ImagingDataCommons / slim

Interoperable web-based slide microscopy viewer and annotation tool
https://imagingdatacommons.github.io/slim/
Apache License 2.0
118 stars 36 forks source link

Parametric maps of exemplary datasets #154

Closed maxfscher closed 1 year ago

maxfscher commented 1 year ago

Hey, first of all thank you for this very nice viewer and the very good documentation. I have a question regarding the example datasets that you provide here.
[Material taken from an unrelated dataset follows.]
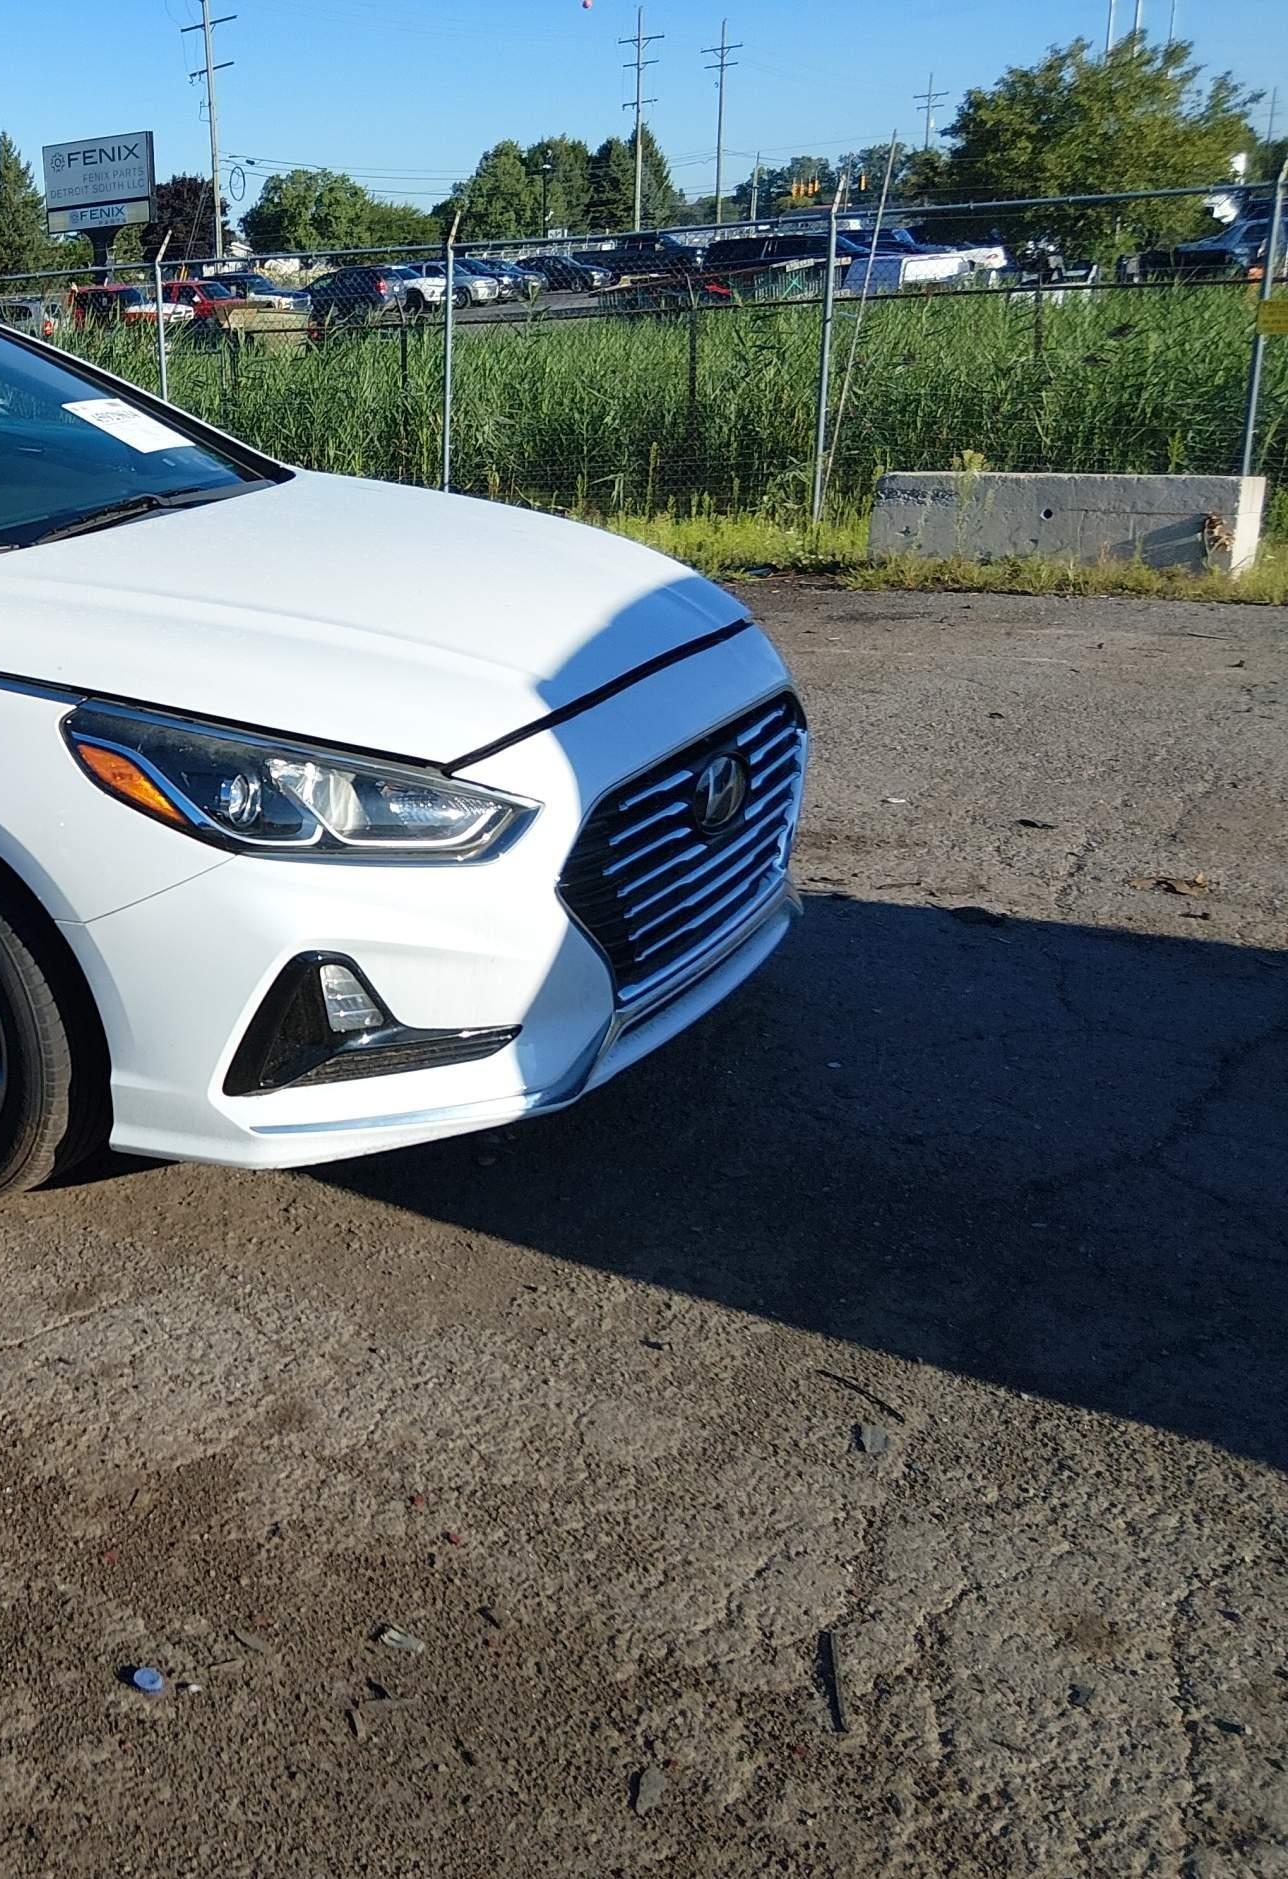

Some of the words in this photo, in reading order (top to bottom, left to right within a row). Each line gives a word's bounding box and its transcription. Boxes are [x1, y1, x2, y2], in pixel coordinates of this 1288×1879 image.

Can you share some information how the parametric maps from the Study ID C3N-01016 were generated? Is the process somewhere described or can you provide further hints on which tool did you use? I am especially interested in how you defined the real_world_value_mappings in the parametric map dicom file.

Thanks in advance Max

fedorov commented 1 year ago

We discussed this today with @cgorman - he is the one who generated the samples you mentioned using highdicom. Chris can share the part of the code that generated those.

cgorman commented 1 year ago

@maxfscher Hi Max,

Here is the code I used to convert the pixel array into a parametric map (in Python). The conversion to unsigned int is not strictly necessary since PMs support floating point pixel data, but we found that converting to int makes things faster and less likely to cause problems with other tools.

This snippet requires the packages highdicom, opencv-python, pydicom, and numpy.

from random import randint
from socket import gethostname

import cv2
import highdicom as hd
import numpy as np
import pydicom
from pydicom.sr.codedict import codes

def parametric_map(
    source_image: pydicom.Dataset,
    input_map: np.ndarray,
    class_label: str,
    manufacturer: str,
    manufacturer_model_name: str,
):
    # Encode pixel data as unsigned integers for improved interoperability
    pixel_data_bits = 8
    dtype = np.dtype(f"uint{pixel_data_bits}")
    slope = 2.0 / (2**pixel_data_bits - 1)
    intercept = -1.0
    rescaled_map = ((input_map - intercept) / slope).astype(dtype)

    rows = source_image.TotalPixelMatrixRows
    cols = source_image.TotalPixelMatrixColumns

    pixel_array = np.zeros((1, rows, cols, 1), dtype=dtype)
    resized_plane = cv2.resize(
        rescaled_map,
        # OpenCV arrays are in column-major order: (width, height)
        dsize=(cols, rows),
        interpolation=cv2.INTER_CUBIC,
    )
    pixel_array = resized_plane

    value_range = [pixel_array.min(), pixel_array.max()]
    window_width = value_range[1] - value_range[0]
    # Make sure this is an integer
    window_center = int(int(value_range[1]) + int(value_range[0]) // 2)

    real_world_value_mappings = [
        hd.pm.RealWorldValueMapping(
            lut_label="0",
            lut_explanation=class_label,
            unit=codes.UCUM.NoUnits,
            value_range=value_range,
            intercept=intercept,
            slope=slope,
        )
    ]

    parametric_map = hd.pm.ParametricMap(
        [source_image],
        pixel_array=pixel_array,
        series_instance_uid=hd.UID(),
        series_number=randint(1, 100),
        sop_instance_uid=hd.UID(),
        instance_number=1,
        manufacturer=manufacturer,
        manufacturer_model_name=manufacturer_model_name,
        software_versions="0.0.1",
        device_serial_number=f"{gethostname()}",
        contains_recognizable_visual_features=False,
        real_world_value_mappings=real_world_value_mappings,
        window_center=window_center,
        window_width=window_width,
        content_label="HEATMAP",
    )

    return parametric_map

Let me know if you have any further questions!